> **INSTRUCTIONS FOR THE TASK**
Every entry in this listing should be written out exactly.

[[ AVAILABLE DATA, beginning ]]

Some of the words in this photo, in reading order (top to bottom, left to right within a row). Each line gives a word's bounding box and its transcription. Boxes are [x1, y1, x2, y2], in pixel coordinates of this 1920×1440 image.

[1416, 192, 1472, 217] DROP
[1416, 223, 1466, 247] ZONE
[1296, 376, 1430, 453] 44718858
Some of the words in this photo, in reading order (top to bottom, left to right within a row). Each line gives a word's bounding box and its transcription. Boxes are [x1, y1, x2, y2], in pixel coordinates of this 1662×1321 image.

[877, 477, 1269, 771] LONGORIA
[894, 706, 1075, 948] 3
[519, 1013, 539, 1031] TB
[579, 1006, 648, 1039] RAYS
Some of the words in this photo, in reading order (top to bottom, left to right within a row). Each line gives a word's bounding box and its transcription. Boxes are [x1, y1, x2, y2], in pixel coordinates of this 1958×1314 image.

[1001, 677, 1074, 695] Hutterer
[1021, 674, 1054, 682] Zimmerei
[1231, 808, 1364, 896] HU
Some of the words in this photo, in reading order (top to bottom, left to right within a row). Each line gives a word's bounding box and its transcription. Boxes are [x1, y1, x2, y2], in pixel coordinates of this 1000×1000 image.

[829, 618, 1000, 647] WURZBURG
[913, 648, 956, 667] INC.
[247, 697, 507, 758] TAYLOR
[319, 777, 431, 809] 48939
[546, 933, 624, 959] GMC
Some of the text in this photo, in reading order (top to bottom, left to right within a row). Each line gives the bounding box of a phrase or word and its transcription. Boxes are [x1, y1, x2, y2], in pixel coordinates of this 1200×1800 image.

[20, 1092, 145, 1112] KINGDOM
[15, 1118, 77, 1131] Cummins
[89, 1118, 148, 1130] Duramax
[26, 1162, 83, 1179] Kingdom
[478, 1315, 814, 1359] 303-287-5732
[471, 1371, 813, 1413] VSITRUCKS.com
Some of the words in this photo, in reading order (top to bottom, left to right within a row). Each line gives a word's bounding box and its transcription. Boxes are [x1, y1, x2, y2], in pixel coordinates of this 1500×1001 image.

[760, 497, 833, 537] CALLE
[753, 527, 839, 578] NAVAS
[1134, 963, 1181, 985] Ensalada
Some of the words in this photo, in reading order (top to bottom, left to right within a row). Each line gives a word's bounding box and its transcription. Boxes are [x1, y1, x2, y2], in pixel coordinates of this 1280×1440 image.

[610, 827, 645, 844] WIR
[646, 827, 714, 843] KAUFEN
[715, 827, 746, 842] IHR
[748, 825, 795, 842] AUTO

[[ AVAILABLE DATA, end ]]

> **TASK RESULT**
Some of the words in this photo, in reading order (top to bottom, left to right within a row). Each line gives a word's bounding box and its transcription. Boxes are [x1, y1, x2, y2], in pixel coordinates of this 1920×1440 image.

[1416, 192, 1472, 217] DROP
[1416, 223, 1466, 247] ZONE
[1296, 376, 1430, 453] 44718858
Some of the words in this photo, in reading order (top to bottom, left to right within a row). Each line gives a word's bounding box and its transcription. Boxes are [x1, y1, x2, y2], in pixel coordinates of this 1662×1321 image.

[877, 477, 1269, 771] LONGORIA
[894, 706, 1075, 948] 3
[519, 1013, 539, 1031] TB
[579, 1006, 648, 1039] RAYS
Some of the words in this photo, in reading order (top to bottom, left to right within a row). Each line gives a word's bounding box and its transcription. Boxes are [x1, y1, x2, y2], in pixel coordinates of this 1958×1314 image.

[1001, 677, 1074, 695] Hutterer
[1021, 674, 1054, 682] Zimmerei
[1231, 808, 1364, 896] HU
Some of the words in this photo, in reading order (top to bottom, left to right within a row). Each line gives a word's bounding box and its transcription. Boxes are [x1, y1, x2, y2], in pixel coordinates of this 1000×1000 image.

[829, 618, 1000, 647] WURZBURG
[913, 648, 956, 667] INC.
[247, 697, 507, 758] TAYLOR
[319, 777, 431, 809] 48939
[546, 933, 624, 959] GMC
Some of the text in this photo, in reading order (top to bottom, left to right within a row). Each line gives the bounding box of a phrase or word and its transcription. Boxes are [x1, y1, x2, y2], in pixel coordinates of this 1200×1800 image.

[20, 1092, 145, 1112] KINGDOM
[15, 1118, 77, 1131] Cummins
[89, 1118, 148, 1130] Duramax
[26, 1162, 83, 1179] Kingdom
[478, 1315, 814, 1359] 303-287-5732
[471, 1371, 813, 1413] VSITRUCKS.com
Some of the words in this photo, in reading order (top to bottom, left to right within a row). Each line gives a word's bounding box and its transcription. Boxes are [x1, y1, x2, y2], in pixel coordinates of this 1500×1001 image.

[760, 497, 833, 537] CALLE
[753, 527, 839, 578] NAVAS
[1134, 963, 1181, 985] Ensalada
Some of the words in this photo, in reading order (top to bottom, left to right within a row). Each line gives a word's bounding box and its transcription. Boxes are [x1, y1, x2, y2], in pixel coordinates of this 1280×1440 image.

[610, 827, 645, 844] WIR
[646, 827, 714, 843] KAUFEN
[715, 827, 746, 842] IHR
[748, 825, 795, 842] AUTO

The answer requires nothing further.